1. Sichuan traditional famous dish with sand meat
Jiasha meat is also called sand meat, sweet roasted white, longan meat, steamed crispy meat, is a traditional famous dish with local characteristics of Sichuan.
After the authentic Sichuan sand meat is cooked, its color is white and red, very attractive, its taste is soft and glutinous and sweet, fat but not greasy, which makes people miss unforgettable.
In many cases, sand meat is regarded as a must-have dish for wedding and birthday banquets in rural Sichuan, and is deeply loved by the elderly and children. However, this traditional Sichuan dish is neither spicy nor numb, but sweet, and it is really a wonderful flower in Sichuan cuisine.
2. How to make the traditional Sichuan dish with sand pork?
As an indispensable dish for wedding and birthday banquets, the charm of the delicious sand meat on the tip of the tongue can be imagined, so how is this delicious sand meat made? Today we are going to share its method, recipe and detailed steps to tell you that you can collect it and make it yourself at home.
Ingredients: pork belly, glutinous rice, honey (or sugar), bean paste,
Ingredients: ginger, peppercorns, chives,
Step 1: Prepare a piece of fresh local pork belly, make sandwich meat, and use local pork to make the taste more fragrant.
Cut some ginger slices,
The pork belly can be burned first, or not, the pork belly is cleaned, pot under cold water, add ginger slices, an appropriate amount of cooking wine to remove the smell, add a green onion knot, first boil over high heat, turn to medium-low heat after the water is boiled and cook for 20 minutes, and cook the pork belly.

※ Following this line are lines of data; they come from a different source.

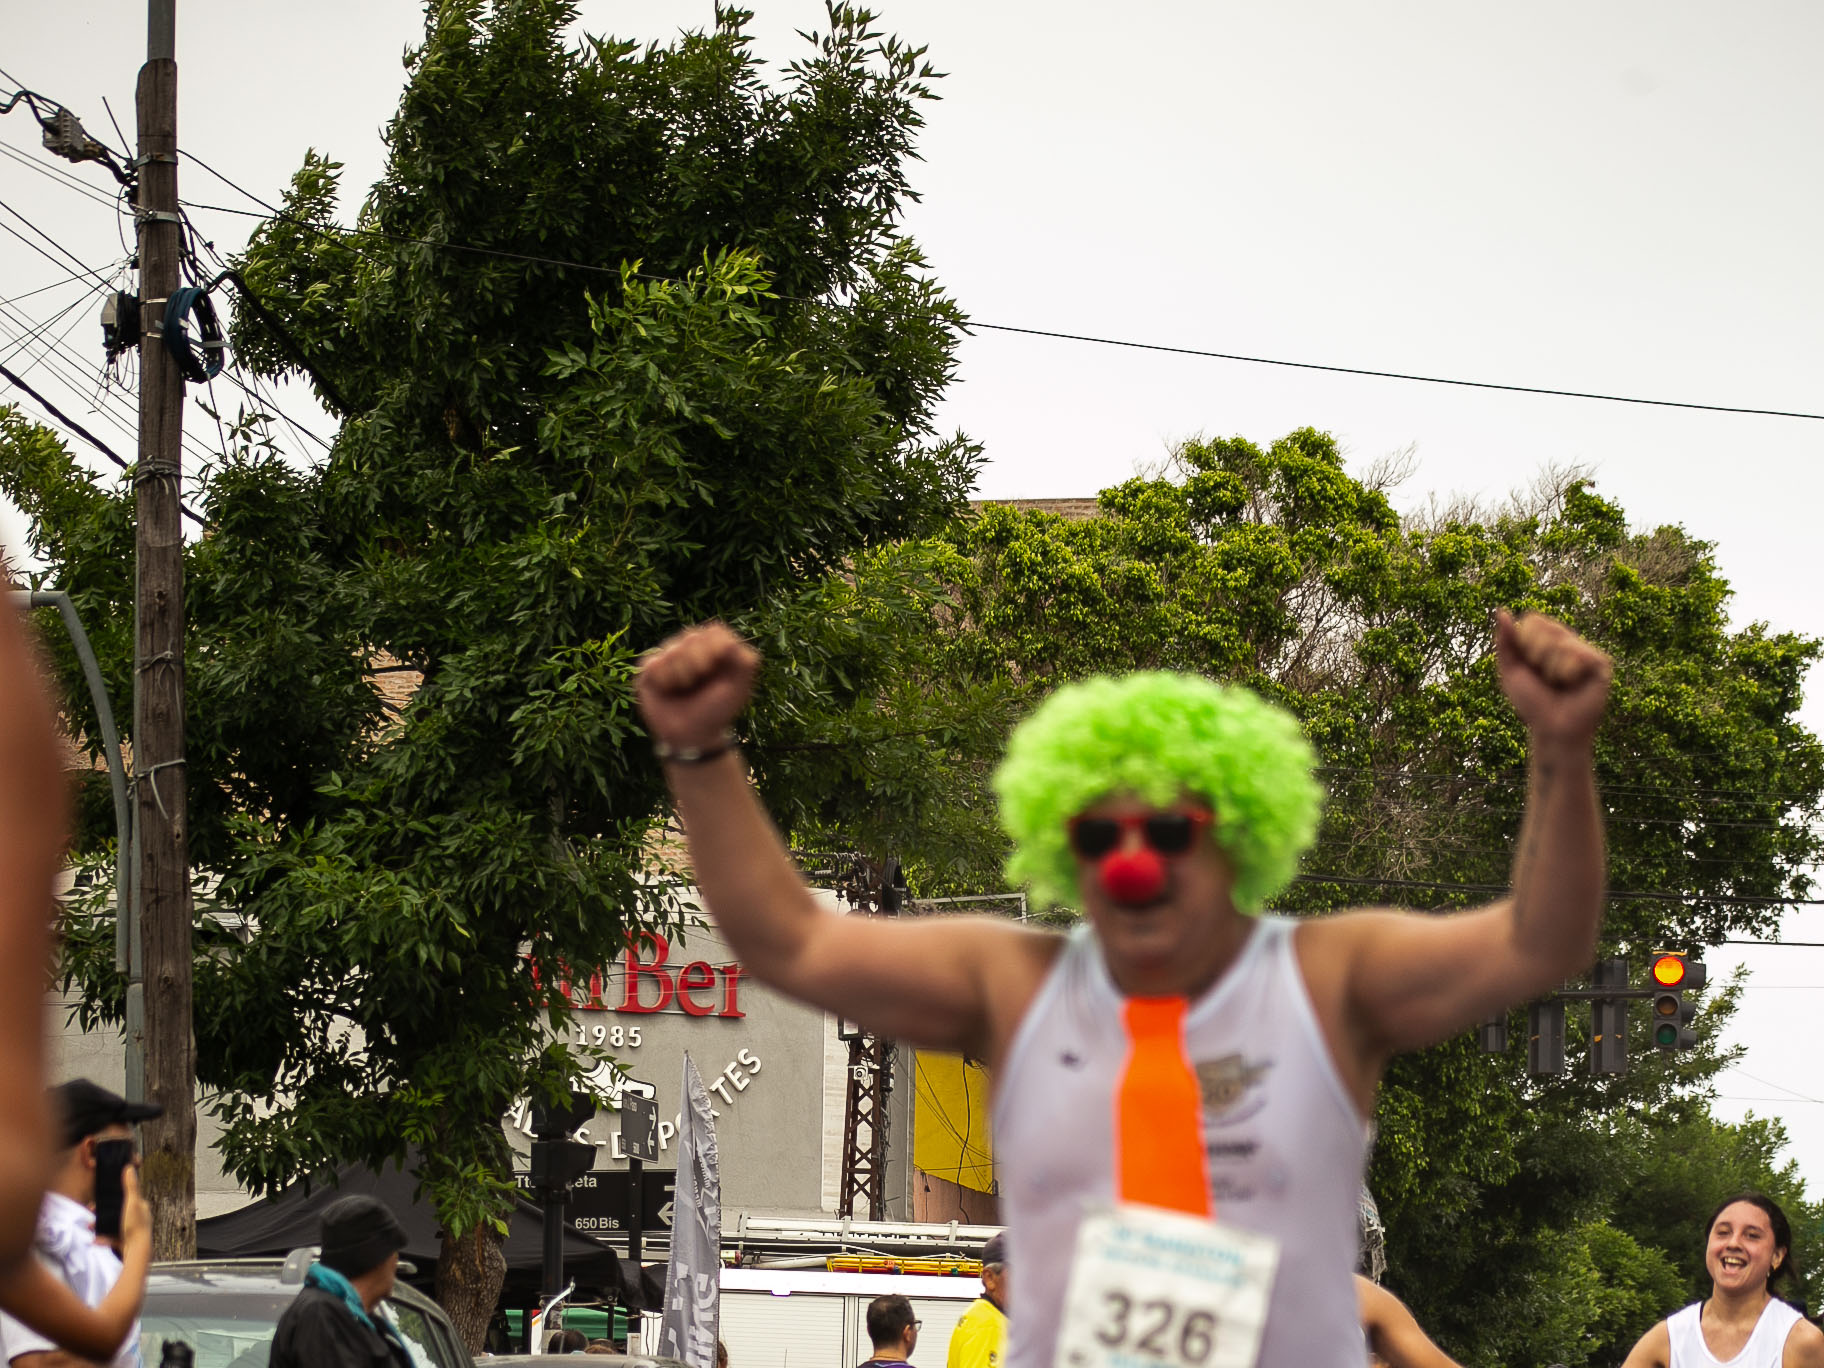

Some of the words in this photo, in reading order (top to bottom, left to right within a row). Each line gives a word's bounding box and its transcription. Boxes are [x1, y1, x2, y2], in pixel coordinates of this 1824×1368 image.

[575, 1025, 642, 1048] 1985
[575, 1218, 597, 1229] 650
[599, 1217, 620, 1229] Bis
[1093, 1288, 1218, 1364] 326
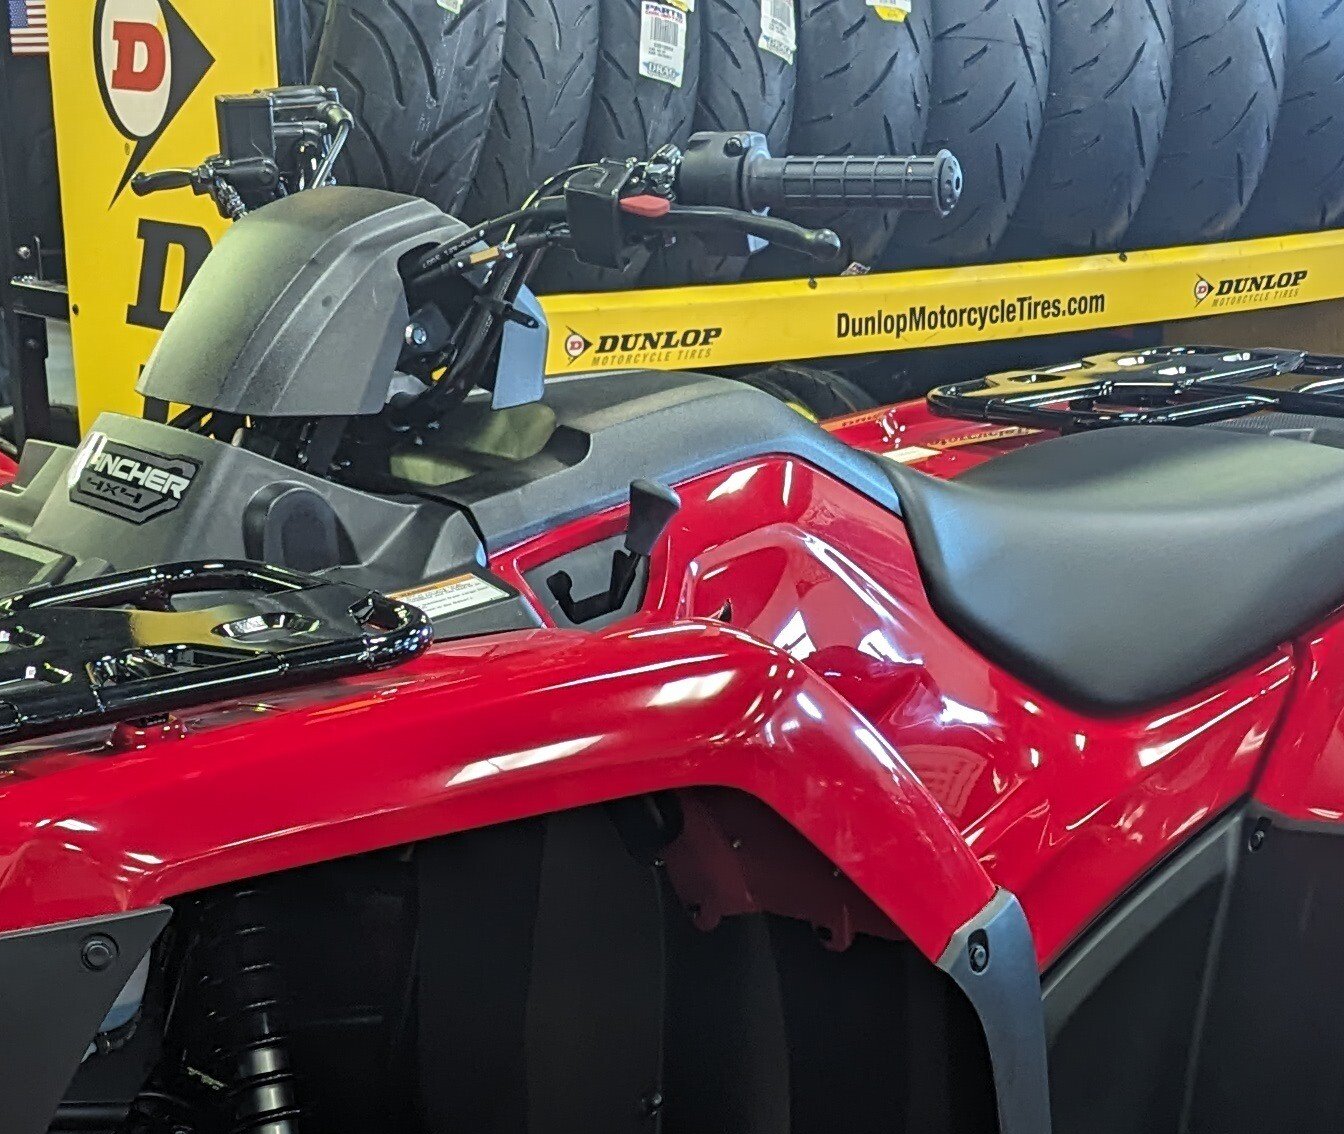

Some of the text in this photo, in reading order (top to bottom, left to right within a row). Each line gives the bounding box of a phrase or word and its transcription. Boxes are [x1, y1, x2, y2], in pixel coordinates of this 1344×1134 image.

[111, 20, 167, 92] D
[1216, 269, 1308, 297] DUNLOP
[1211, 288, 1300, 308] MOTORCYCLE TIRES
[836, 293, 1106, 340] DunlopMotorcycleTires.com
[594, 327, 723, 354] DUNLOP
[590, 348, 712, 367] MOTORCYCLE TIRES
[78, 449, 191, 500] ANCHER
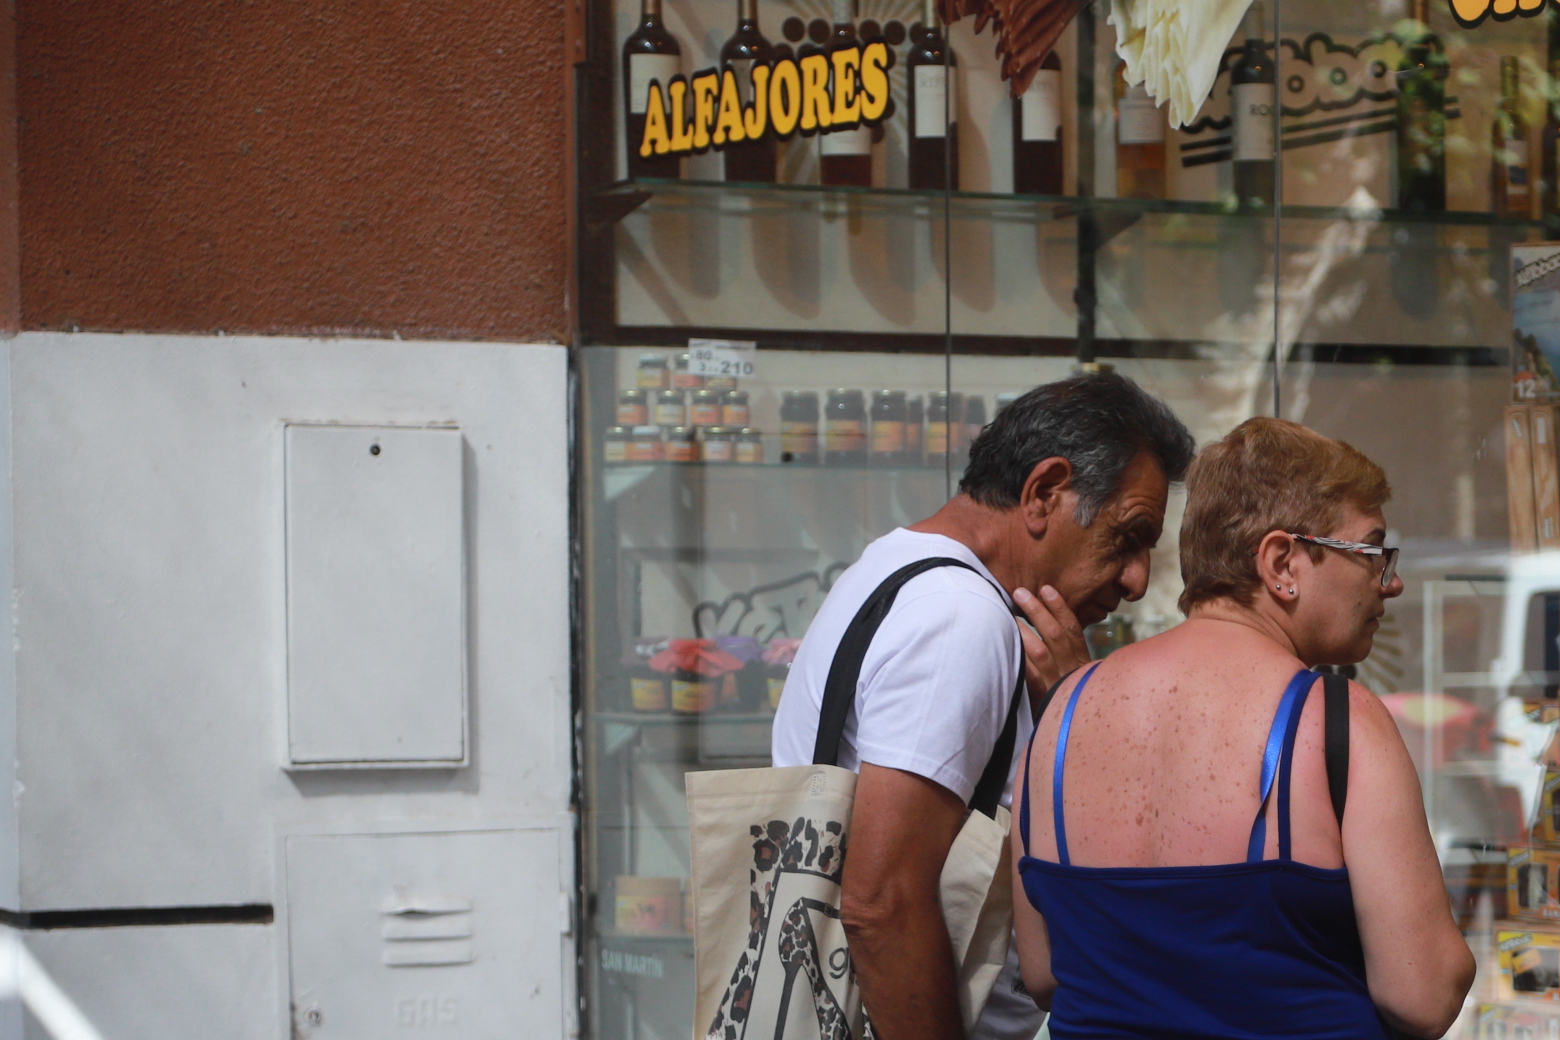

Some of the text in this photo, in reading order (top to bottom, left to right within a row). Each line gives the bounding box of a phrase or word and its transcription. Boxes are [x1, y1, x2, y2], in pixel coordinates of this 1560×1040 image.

After 20 minutes, open the lid, remove the pork belly, brush the meat skin with a layer of sugar, honey water or brown sugar water, and let it cool naturally.
Add two handfuls of glutinous rice to the bowl and add water to wash the glutinous rice.
Add a little water to the pot and bring to a boil, put the glutinous rice that has just been washed into the pot and boil it until the glutinous rice begins to turn white (about 3-5 minutes), and when it starts to grow larger, we use a colander to remove the glutinous rice.
Step 2: After the pork belly has cooled, we cut the pork belly into clip blades, that is, the first knife is not cut to the end, the second knife is cut to the end, and the cut is thinner.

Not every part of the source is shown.